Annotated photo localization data
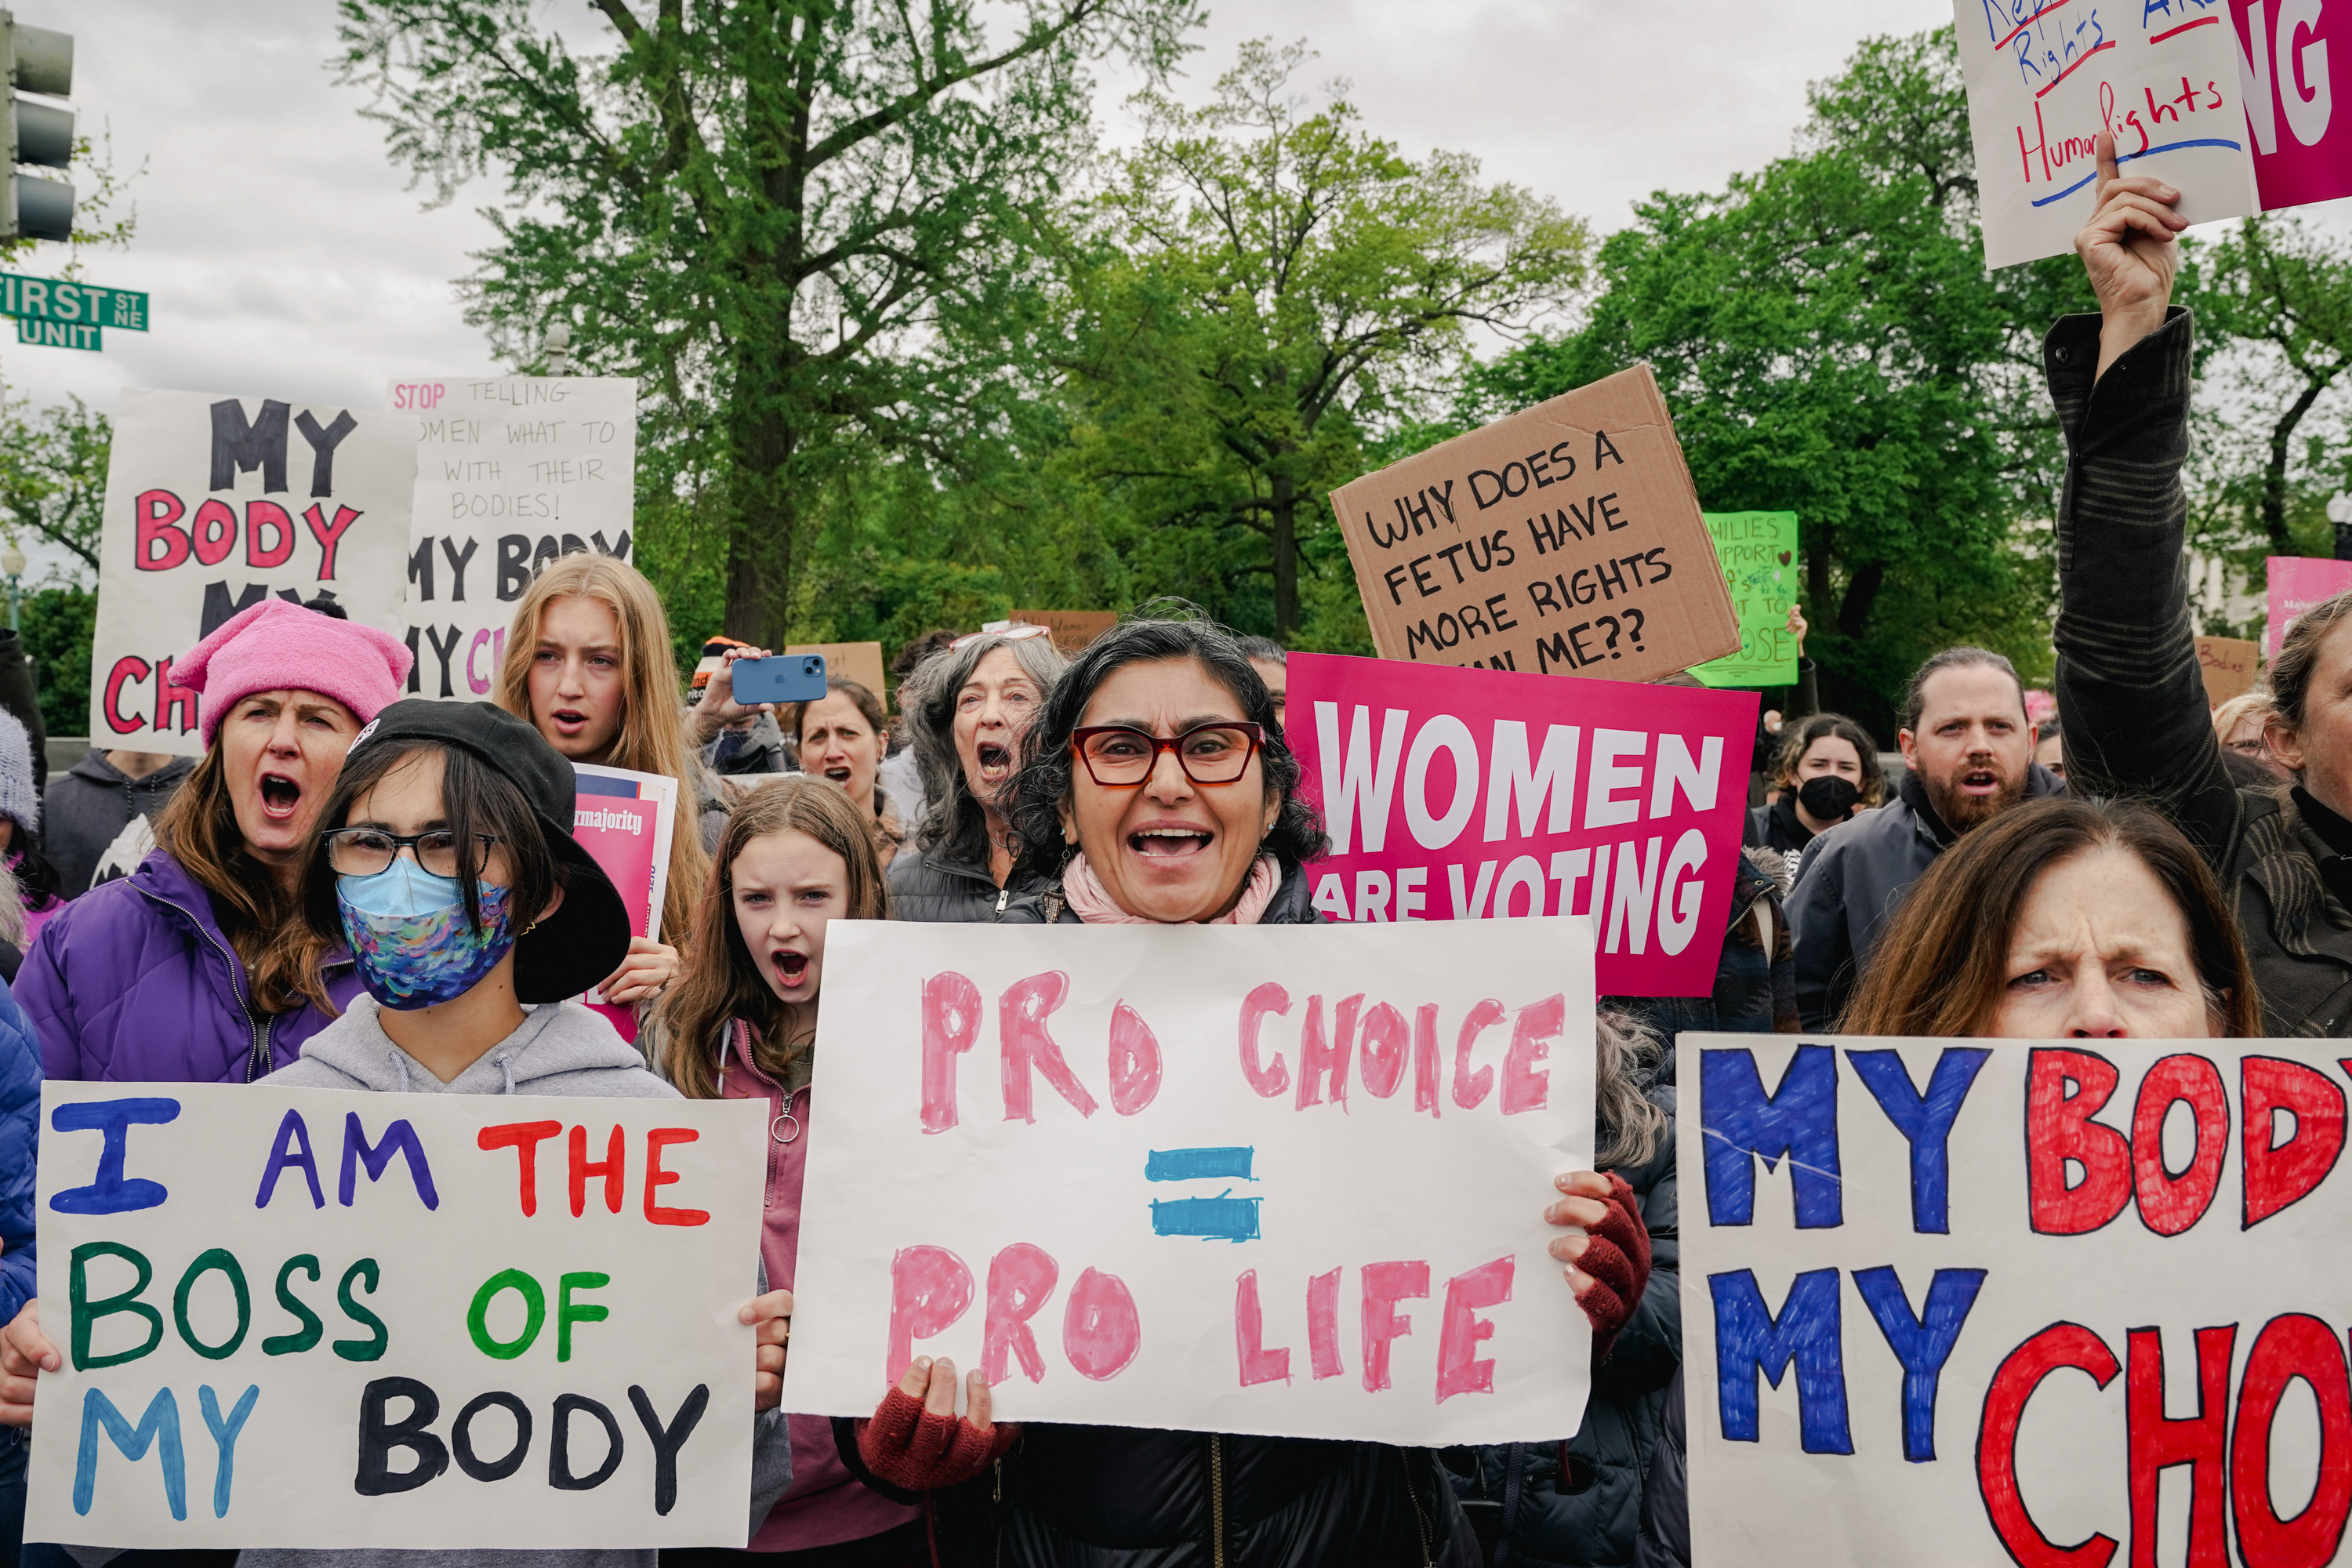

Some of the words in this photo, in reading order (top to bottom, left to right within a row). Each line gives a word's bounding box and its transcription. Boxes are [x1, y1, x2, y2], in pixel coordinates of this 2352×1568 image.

[2013, 8, 2104, 85] Rights
[2100, 76, 2223, 159] Rights
[0, 276, 108, 323] IRST
[115, 292, 140, 310] ST
[20, 318, 98, 350] UNIT
[114, 309, 143, 328] NE
[394, 383, 445, 409] STOP
[467, 382, 571, 406] TELLING
[418, 419, 480, 445] OMEN
[506, 420, 566, 445] WHAT
[581, 421, 615, 444] TO
[210, 398, 358, 498] MY
[444, 459, 503, 482] WITH
[528, 459, 604, 484] THEIR
[452, 492, 560, 521] BODIES!
[1366, 479, 1461, 550] WHY
[1467, 441, 1576, 511] DOES
[1595, 430, 1624, 470] A
[1710, 517, 1780, 541] MILIES
[134, 489, 365, 581] BODY
[404, 535, 479, 604] MY
[1384, 530, 1515, 605] FETUS
[1526, 493, 1628, 555] HAVE
[1719, 543, 1779, 565] PPORT
[1406, 593, 1518, 660] MORE
[1528, 546, 1672, 618] RIGHTS
[1536, 608, 1646, 674] ME??
[1762, 598, 1788, 615] TO
[1313, 700, 1725, 856] WOMEN
[575, 807, 643, 837] rmajority
[1312, 866, 1428, 922] ARE
[1448, 828, 1708, 956] VOTING
[1239, 982, 1566, 1119] CHOICE
[49, 1097, 181, 1215] I
[255, 1109, 439, 1211] AM
[477, 1120, 710, 1226] THE
[1700, 1044, 1993, 1235] MY
[2025, 1046, 2352, 1238] BOD
[70, 1241, 389, 1371] BOSS
[467, 1268, 611, 1363] OF
[886, 1243, 1141, 1389] PRO
[1236, 1254, 1515, 1406] LIFE
[72, 1384, 260, 1521] MY
[354, 1377, 710, 1517] BODY
[1707, 1264, 1989, 1463] MY
[1974, 1312, 2352, 1568] CHO

What needs to be done: Transcribe all the lines above exactly, apart from the pictures.

Answer section:
Some of the words in this photo, in reading order (top to bottom, left to right within a row). Each line gives a word's bounding box and its transcription. Boxes are [x1, y1, x2, y2], in pixel coordinates of this 2352×1568 image.

[2013, 8, 2104, 85] Rights
[2100, 76, 2223, 159] Rights
[0, 276, 108, 323] IRST
[115, 292, 140, 310] ST
[20, 318, 98, 350] UNIT
[114, 309, 143, 328] NE
[394, 383, 445, 409] STOP
[467, 382, 571, 406] TELLING
[418, 419, 480, 445] OMEN
[506, 420, 566, 445] WHAT
[581, 421, 615, 444] TO
[210, 398, 358, 498] MY
[444, 459, 503, 482] WITH
[528, 459, 604, 484] THEIR
[452, 492, 560, 521] BODIES!
[1366, 479, 1461, 550] WHY
[1467, 441, 1576, 511] DOES
[1595, 430, 1624, 470] A
[1710, 517, 1780, 541] MILIES
[134, 489, 365, 581] BODY
[404, 535, 479, 604] MY
[1384, 530, 1515, 605] FETUS
[1526, 493, 1628, 555] HAVE
[1719, 543, 1779, 565] PPORT
[1406, 593, 1518, 660] MORE
[1528, 546, 1672, 618] RIGHTS
[1536, 608, 1646, 674] ME??
[1762, 598, 1788, 615] TO
[1313, 700, 1725, 856] WOMEN
[575, 807, 643, 837] rmajority
[1312, 866, 1428, 922] ARE
[1448, 828, 1708, 956] VOTING
[1239, 982, 1566, 1119] CHOICE
[49, 1097, 181, 1215] I
[255, 1109, 439, 1211] AM
[477, 1120, 710, 1226] THE
[1700, 1044, 1993, 1235] MY
[2025, 1046, 2352, 1238] BOD
[70, 1241, 389, 1371] BOSS
[467, 1268, 611, 1363] OF
[886, 1243, 1141, 1389] PRO
[1236, 1254, 1515, 1406] LIFE
[72, 1384, 260, 1521] MY
[354, 1377, 710, 1517] BODY
[1707, 1264, 1989, 1463] MY
[1974, 1312, 2352, 1568] CHO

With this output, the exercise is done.